Return the records word for word. Pictures do not belong in the copy.
[DATASET ENTRIES Boundary: Start]
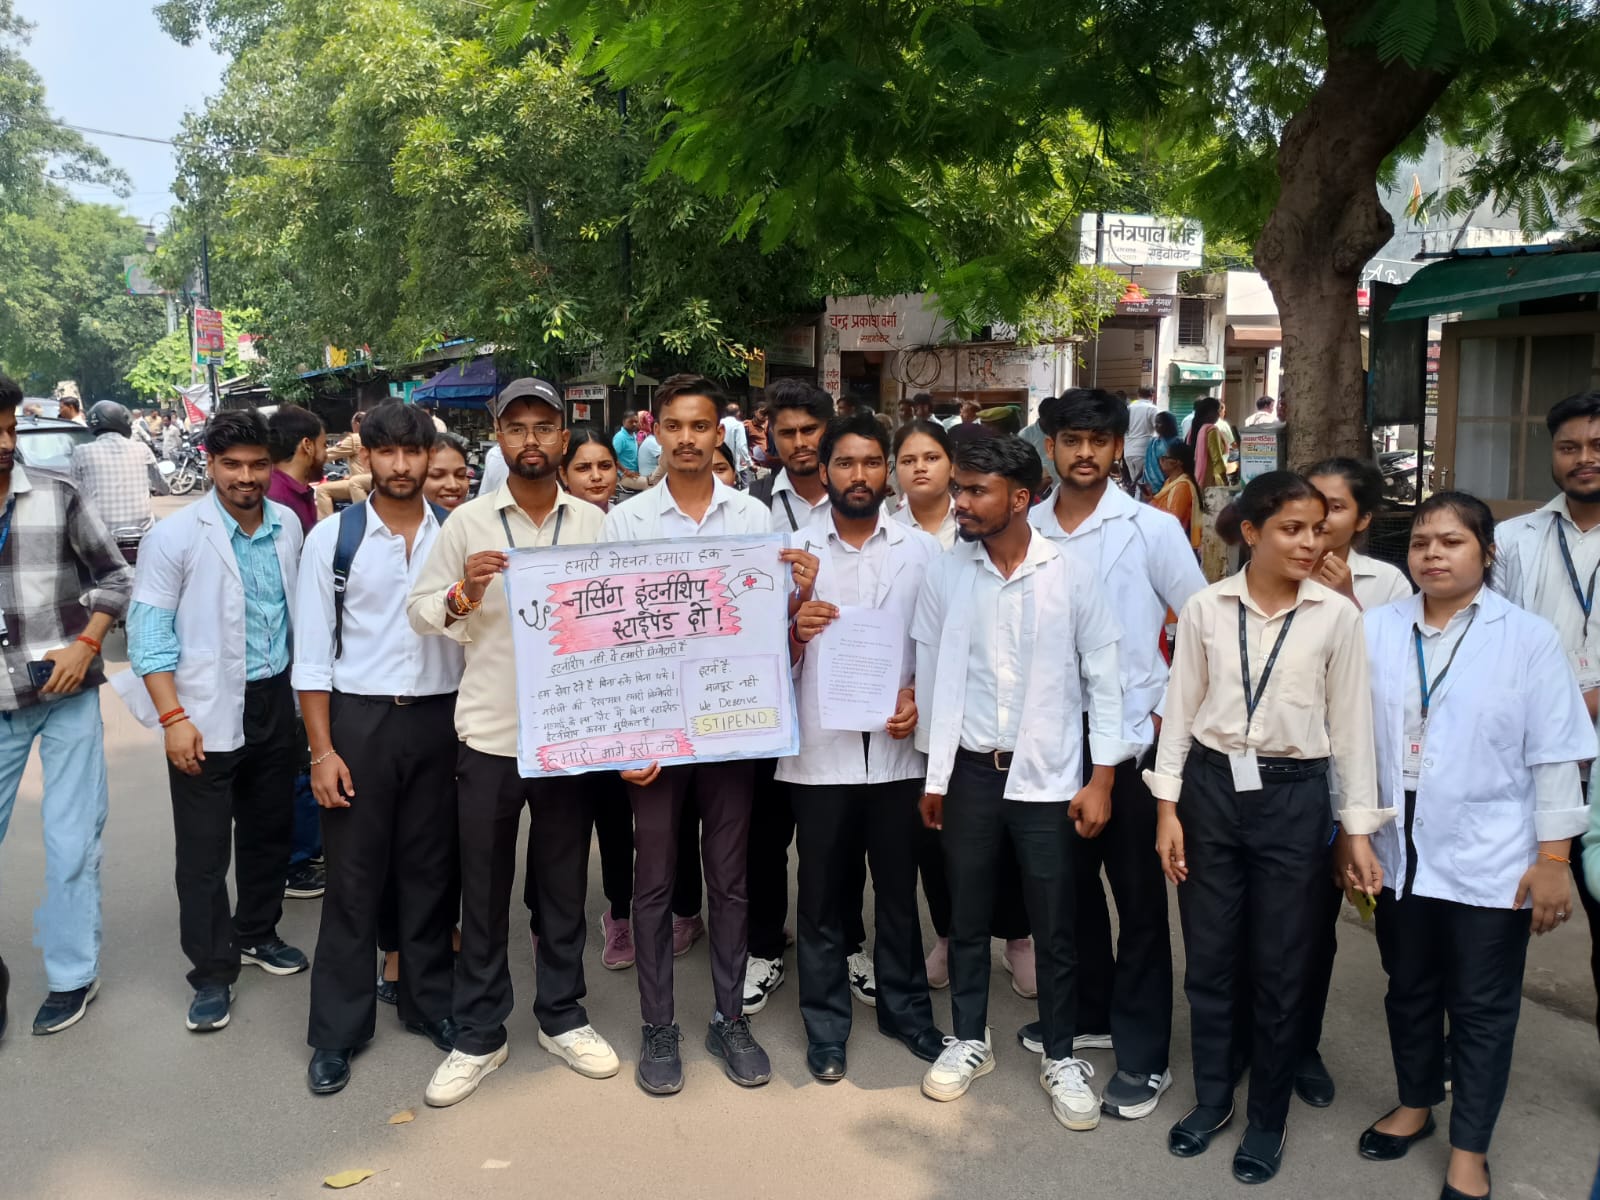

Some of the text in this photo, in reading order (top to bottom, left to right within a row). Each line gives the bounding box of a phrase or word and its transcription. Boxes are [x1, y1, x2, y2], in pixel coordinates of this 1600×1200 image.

[1111, 219, 1166, 242] नेत्रपाल
[829, 312, 897, 330] चन्द्र प्रकाश वर्मा
[565, 551, 603, 574] हमारी
[655, 551, 693, 565] हमारा
[698, 549, 722, 563] हक
[563, 572, 709, 614] नर्सिंग इंटर्नशिप
[620, 646, 644, 661] हमारी
[537, 689, 551, 700] हम
[554, 684, 571, 696] सेवा
[699, 696, 758, 711] We Deserve
[702, 711, 768, 732] STIPEND
[DATASET ENTRIES Boundary: End]
● **EXERCISE RESPONSE**
Some of the text in this photo, in reading order (top to bottom, left to right within a row). Each line gives the bounding box of a phrase or word and its transcription. Boxes are [x1, y1, x2, y2], in pixel coordinates of this 1600×1200 image.

[1111, 219, 1166, 242] नेत्रपाल
[829, 312, 897, 330] चन्द्र प्रकाश वर्मा
[565, 551, 603, 574] हमारी
[655, 551, 693, 565] हमारा
[698, 549, 722, 563] हक
[563, 572, 709, 614] नर्सिंग इंटर्नशिप
[620, 646, 644, 661] हमारी
[537, 689, 551, 700] हम
[554, 684, 571, 696] सेवा
[699, 696, 758, 711] We Deserve
[702, 711, 768, 732] STIPEND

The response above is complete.